Bushel-bushel-sacks full,
And my pockets full, too, huzza!”
It is supposed that the custom was a relic of the sacrifice to Pomona [the Roman Goddess of Fruits].

The American author Henry David Thoreau also cites Brand's Popular Antiquities in his essay Wild Apples: The History of the Apple Tree (published in the Atlantic Monthly, November, 1862), although he states that the practice took place on Christmas Eve, not Twelfth Night. However, he adds the note of an old practice of "apple-howling" in various counties of England on New Year's Eve where a troop of boys visits different orchards, and, encircling the trees, chant the following:
Stand fast, root! bear well, top!
Pray God send us a good howling crop:
Every twig, apples big;
Every bough, apples enow!
Then then shout in chorus, with one accompanying them on a cow's horn, and rap the trees with their sticks (this being called "wassailing" the trees):
WASSAIL the trees, that they may bear
You many a plum and many a pear:
For more or less fruits they will bring,
As you do give them wassailing.
According to a friend of this site, Ellen, wassailing of trees is still practiced in the Gloucestershire region of England.

This practice echoes one practiced by Romanians.
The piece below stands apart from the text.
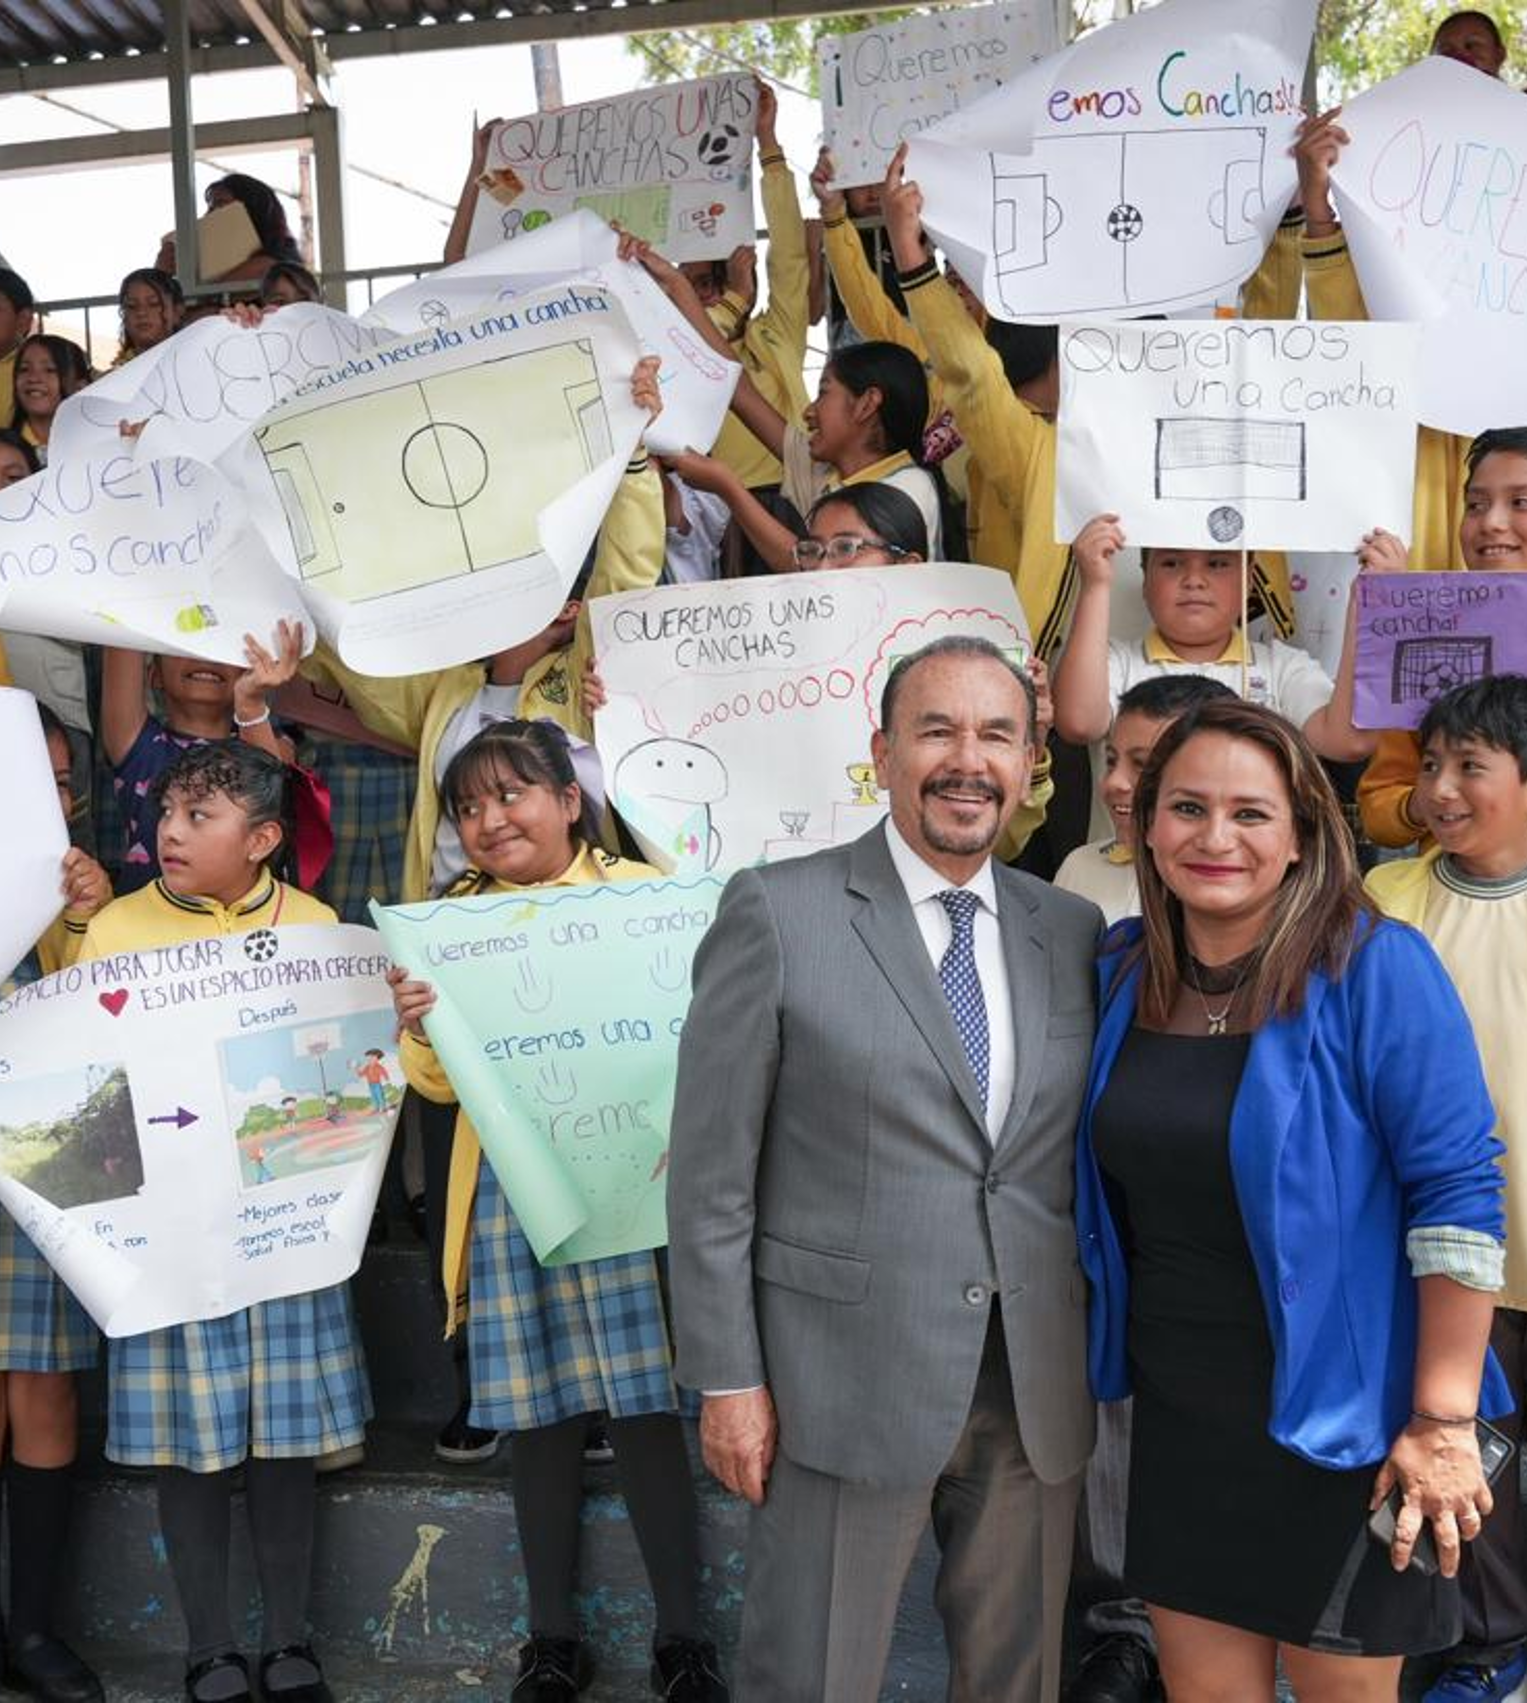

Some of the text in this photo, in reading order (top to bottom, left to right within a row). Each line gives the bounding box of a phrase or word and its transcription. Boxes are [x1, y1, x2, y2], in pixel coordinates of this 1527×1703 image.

As the housewife kneaded special holiday dough in the kitchen, her husband would pass through the house on his way to the orchard, in a vile temper. She followed anxiously behind as he passed from tree to tree, threatening to cut down each barren one. She would urge him to especially spare this one or that, saying: "Oh no, I'm sure this tree will be as heavy with fruit next year as my hands are with dough this day."

Wassailing As "Luck Visits" And Subsequent Traditions

It was only later that these traditions became associated with "luck visits" made around the neighborhood, together with general merry-making (and, as Rev. Bradley pointed out, "fortified by copious quantities of alcohol"). Soon, these traditions would merge with the waits who traveled the streets of the cities (and who were paid to sing and play during the holidays). And voila! we have a tradition: wassailing.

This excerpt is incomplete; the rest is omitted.